Lizzie Deignan has had to spin a number of different plates since she returned to the peloton earlier this year following her second maternity leave. She is now a mum to two children, whom she has to look after, and a professional athlete who has to train for many hours and travel around the world to race. Her husband Phil has also recently been diagnosed with psoriatic arthritis and is currently undergoing treatment.
But you’d never know. There is an aura of calmness around her as she sits in the green room of Rouleur Live at the Truman Brewery, Shoreditch, where she is due to go on stage soon with her team-mate Elisa Longo Borghini. Her daughter Orla has come with her and is busy colouring over on the sofas while Deignan chats to Rouleur.
“I don’t balance it,” she laughs, keeping an eye on Orla. “Everything falls off in different directions all the time. I mean, it’s very easy to trust your instincts, and my children are always going to be a priority, so it’s not like I am consciously in a battle – it’s very straightforward for me. But yeah, things have not been balanced at all this season.”
Considering all the obstacles she has had to overcome, she is happy with how her season panned out. Her first race back was La Flèche Wallonne in April, followed by Liège-Bastogne-Liège a few days later. This wasn’t part of her original plan. The Vuelta Femenina was meant to be her first race back. However, despite it being a bit of a shock (she recalls getting the phone call whilst breastfeeding her son), her return to the peloton felt natural and fun – reaffirming her thoughts that she is not ready to retire from the sport.
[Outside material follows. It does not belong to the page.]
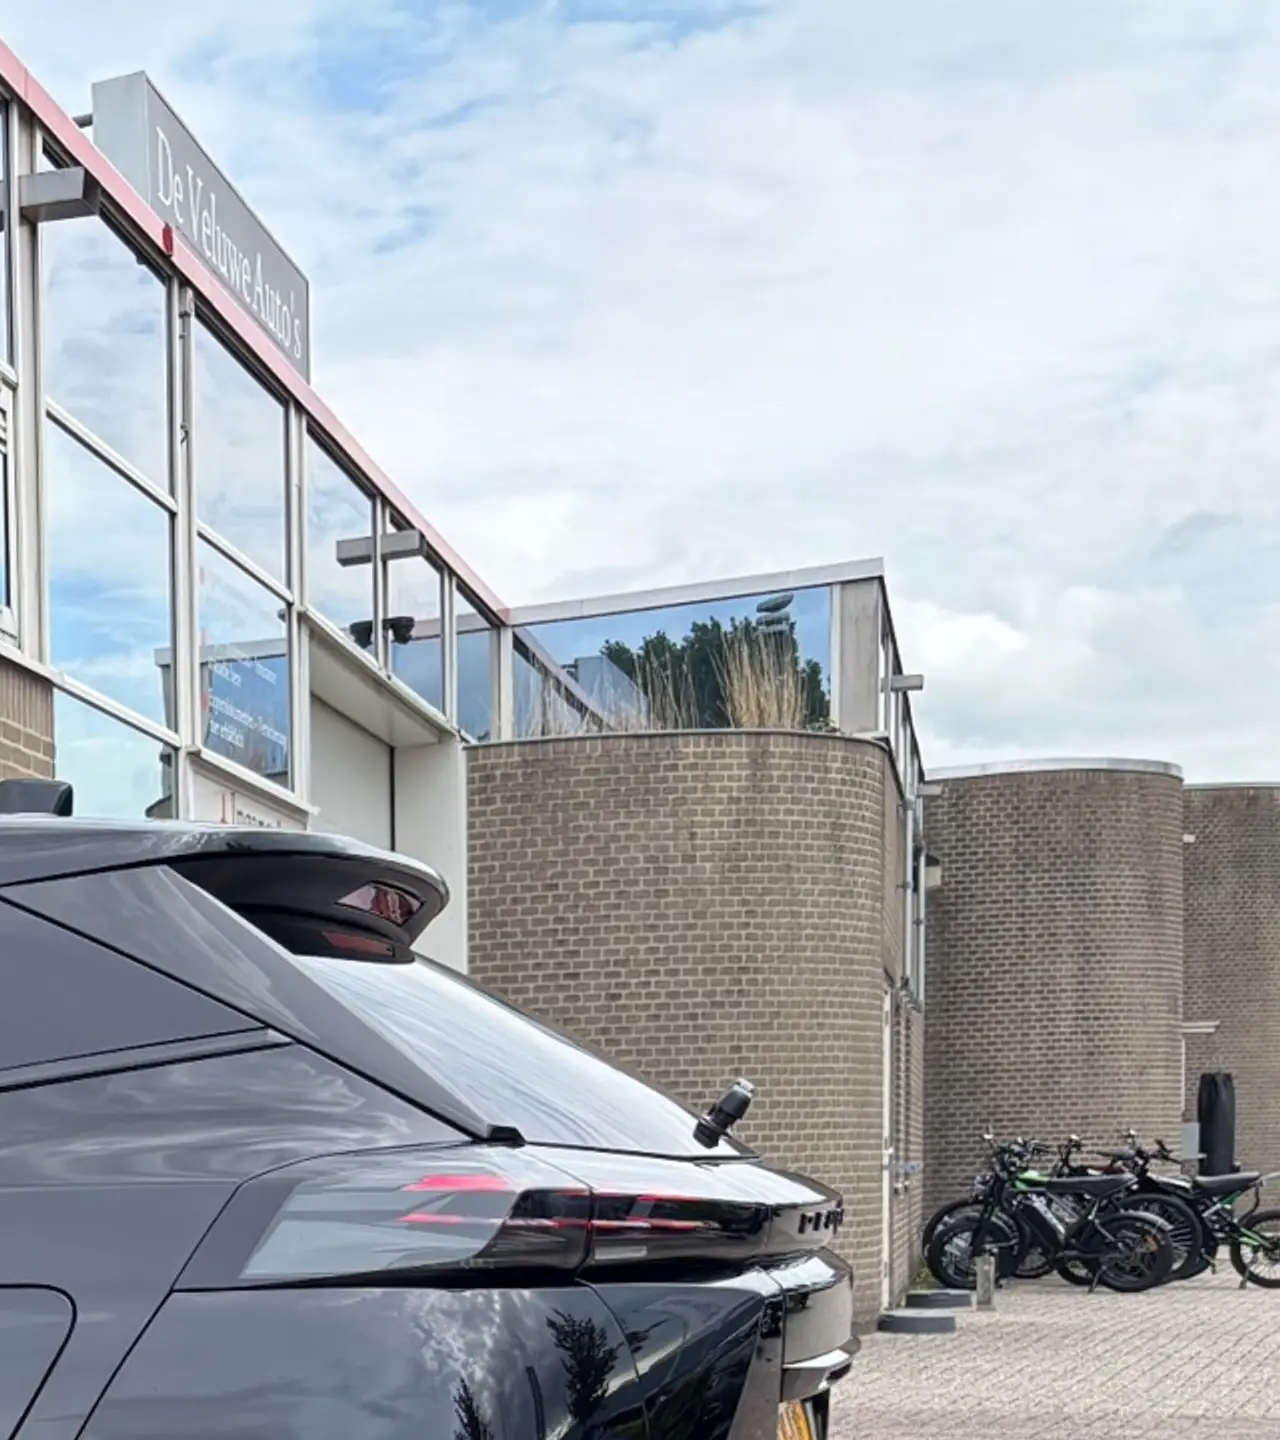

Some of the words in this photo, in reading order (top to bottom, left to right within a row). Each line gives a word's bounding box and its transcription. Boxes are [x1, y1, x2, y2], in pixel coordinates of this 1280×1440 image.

[156, 126, 184, 223] De
[186, 164, 252, 302] Veluwe
[252, 251, 301, 359] Auto's
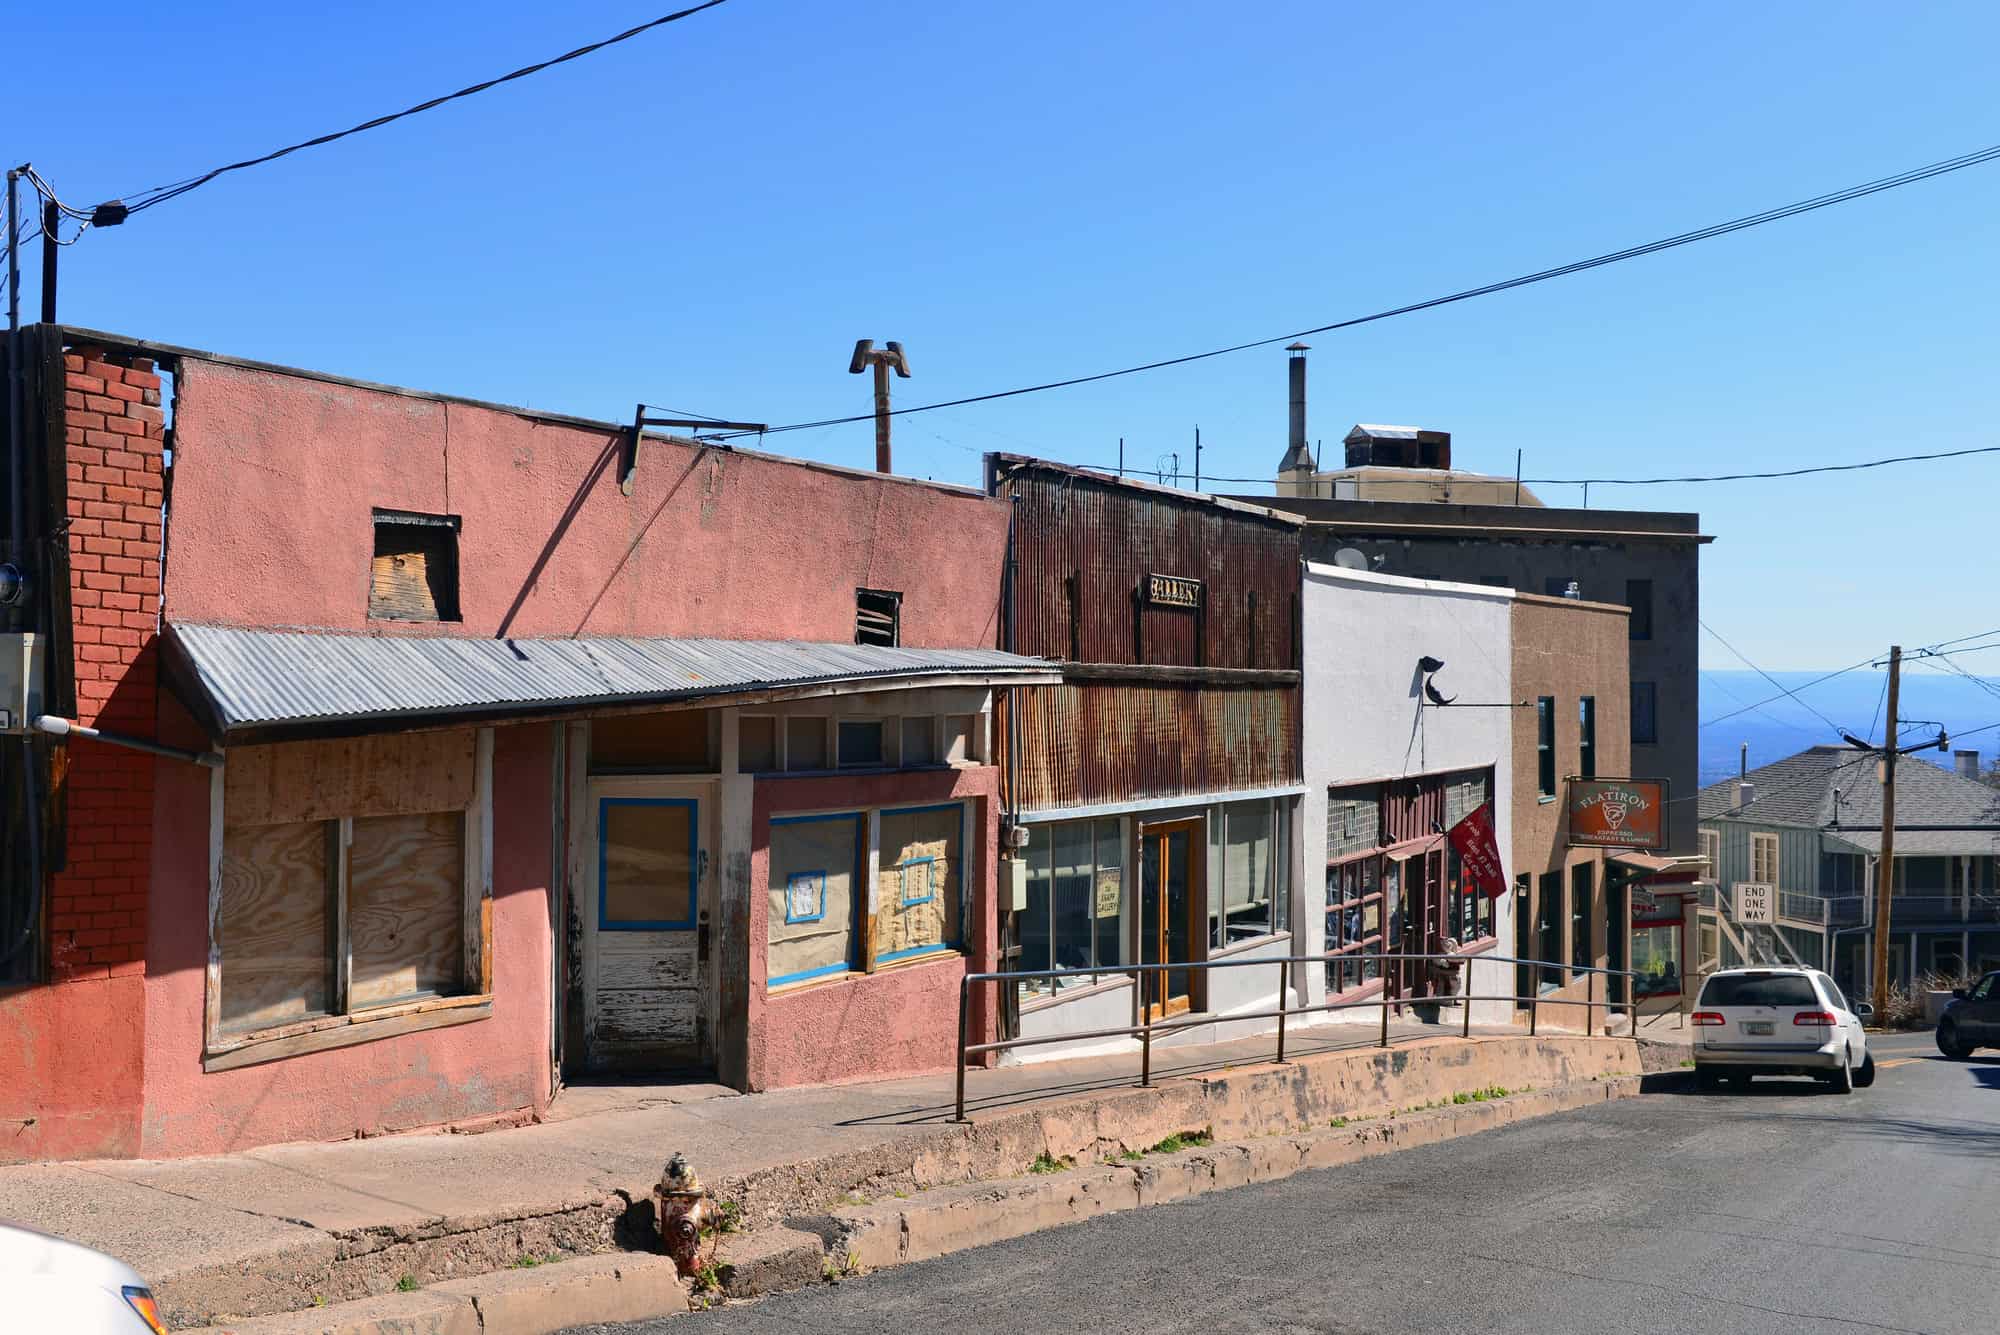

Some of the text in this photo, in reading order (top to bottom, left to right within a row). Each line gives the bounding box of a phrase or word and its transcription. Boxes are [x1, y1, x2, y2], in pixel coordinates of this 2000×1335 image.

“I remember somebody telling me once, ‘It’s time to retire when you enjoy training more than racing.’ I’m not at all in that boat. I prefer racing – definitely. Like, that’s what I do it for. I love being amongst the peloton, getting stuck in, and it’s instinctual for me. It just comes straight back,” she adds firmly.
And she proved this throughout the rest of the season by being a vital help to her team-mates and seeing respectable results for herself. Deignan came third overall in her home race, RideLondon Classique, only being beaten by Charlotte Kool and Chloé Dygert. Then displayed an impressive performance during the women’s road World Championships in Glasgow, fighting her way to sixth place. The 34-year-old rider knew she was in good shape ahead of the Worlds but also taken aback by her own determination. “I just remember thinking, ‘Okay, I am still here.’ That was the feeling I had driving home,” she adds.
This has given her a boost in confidence for a race she hopes to target next year – the Paris Olympics. However, ever the realist, Deignan is not pinning all her hopes on this one event. “I’d love to go there, but I think it’s important to give it a place. I am not going to pin my whole season on the Olympics because it’s one race, and a lot can go wrong, a lot can go right, but I’ve got other goals, too.
“I think, for me, being able to really perform in the Tour de France Femmes is something that I want to be able to do. There were a couple of missed opportunities, maybe to get in the breakaways this year, and I’d like to be peaking at the Tour,” says Deignan.
This year was Deignan’s first experience of the Tour de France Femmes, where she was road captain for her Lidl-Trek team, who experienced the blow of having its two main GC contenders – Longo Borghini and Elisa Balsamo – pulled from the race due to illness. Deignan reflects on her first Tour de France Femmes experience, and adds: “I was pleased with my form. I wasn’t happy with the way I rode tactically. I am not sure I always made the right decisions. I was the road captain and was trying to also manage different kinds of expectations from different people.”
It was a valuable lesson for the Yorkshire rider, and she is keen to put what she learnt into practice in next year’s event, especially when it comes to the heightened stress that comes with such a prestigious race. Deignan does not normally suffer from nerves on the start line and often finds herself thinking, ‘It’s just a bike race.’ But she notes that it was different at the Tour – she can’t quite put her finger on why, but she found it quite draining and will be heading to Rotterdam for the race’s Grand Départ in 2024 with “certain walls and barriers up”.
Before the Tour de France Femmes, however, Deignan has plenty to do, and in her off-season, she is still busy, juggling her family life, her husband’s treatment, and her own training. Her family are vital in providing a helping hand, especially now Deignan and her family have moved back to Yorkshire after 15 years of being an expat. And while most pros would rather never leave the dry, warm conditions of the Mediterranean, Deignan is relishing the fact she’s back on her home roads.
“I feel like a junior again. I just love it. I really didn’t think that would be the case either – I thought I would miss the sunshine and the mountains, but give me rain and gritty roads,” she says.
“We’re only a month in, however,” she quickly adds, shrugging her shoulders, always remaining realistic.